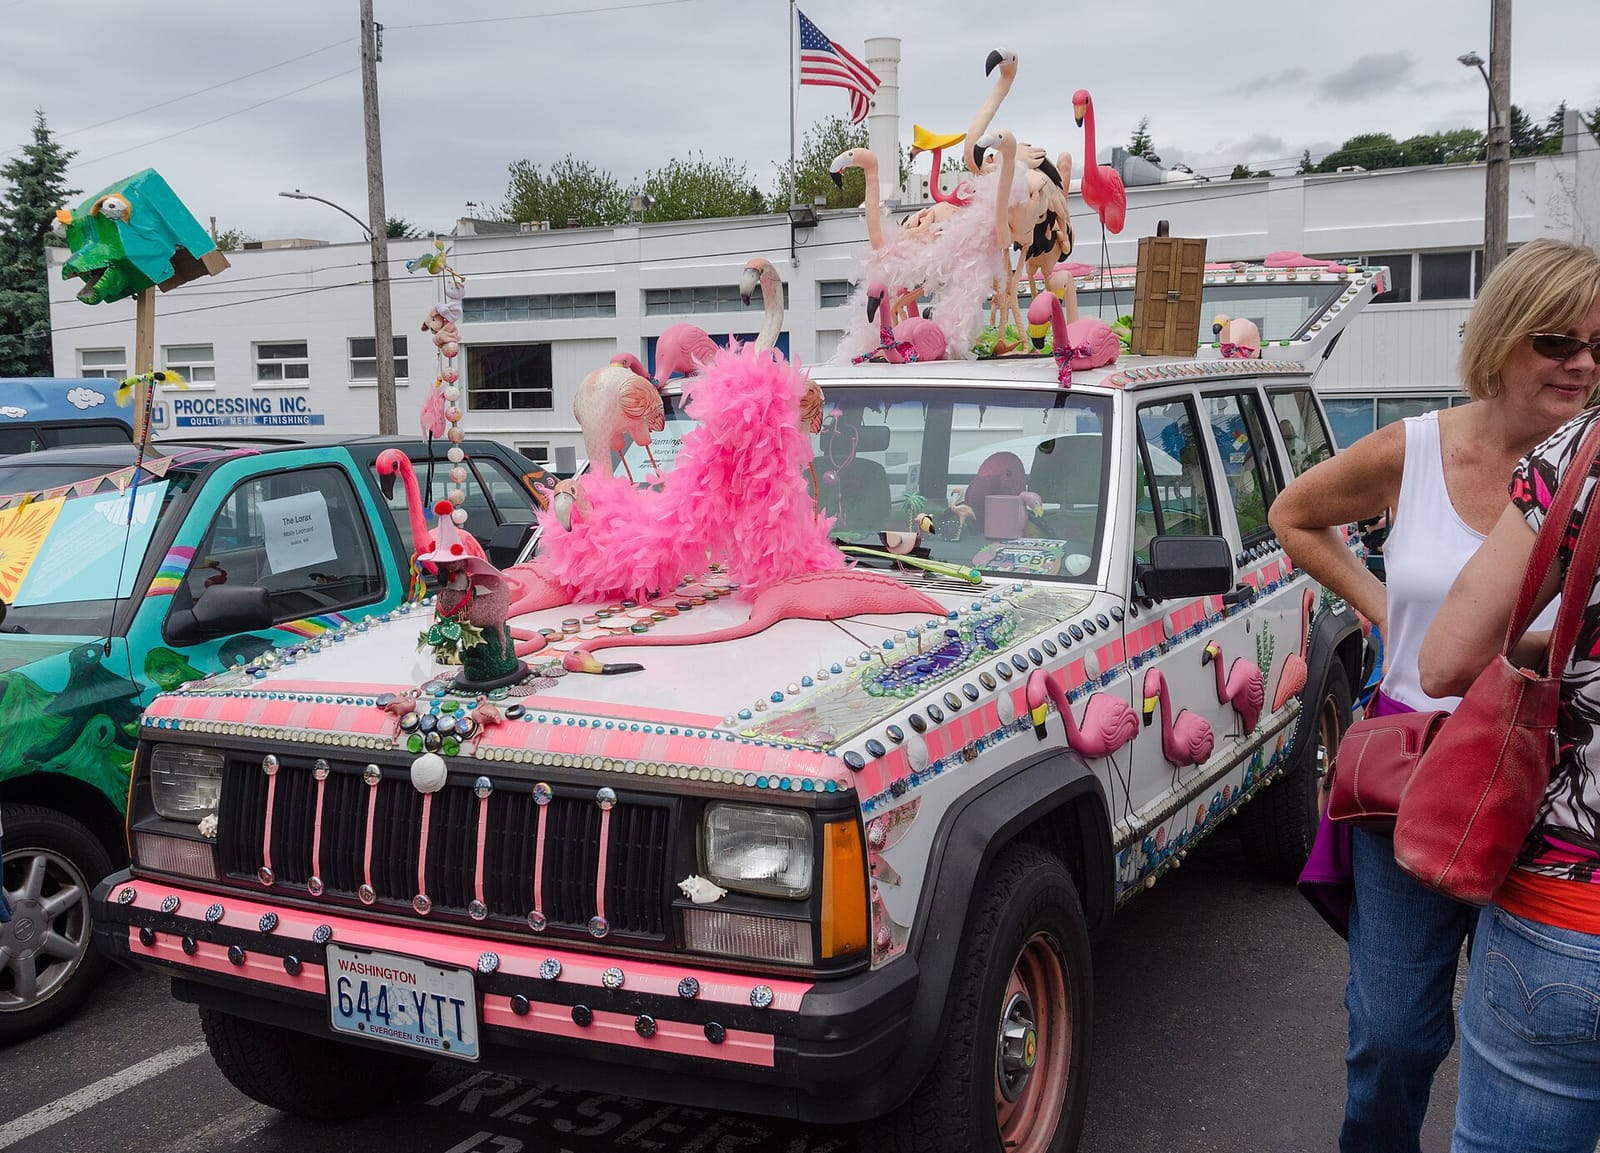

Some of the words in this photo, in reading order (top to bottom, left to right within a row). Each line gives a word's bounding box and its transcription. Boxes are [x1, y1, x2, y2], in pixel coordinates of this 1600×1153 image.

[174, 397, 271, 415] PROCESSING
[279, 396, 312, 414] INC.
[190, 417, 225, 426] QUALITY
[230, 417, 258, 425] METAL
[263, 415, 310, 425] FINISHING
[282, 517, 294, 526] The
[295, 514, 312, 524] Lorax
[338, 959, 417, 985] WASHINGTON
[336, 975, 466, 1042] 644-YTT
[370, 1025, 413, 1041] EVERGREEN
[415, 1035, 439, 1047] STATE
....
Task statement
Give back the material above word for word; no picture belongs in it.

Result
Some of the words in this photo, in reading order (top to bottom, left to right within a row). Each line gives a word's bounding box and its transcription. Boxes are [x1, y1, x2, y2], in pixel coordinates of this 1600×1153 image.

[174, 397, 271, 415] PROCESSING
[279, 396, 312, 414] INC.
[190, 417, 225, 426] QUALITY
[230, 417, 258, 425] METAL
[263, 415, 310, 425] FINISHING
[282, 517, 294, 526] The
[295, 514, 312, 524] Lorax
[338, 959, 417, 985] WASHINGTON
[336, 975, 466, 1042] 644-YTT
[370, 1025, 413, 1041] EVERGREEN
[415, 1035, 439, 1047] STATE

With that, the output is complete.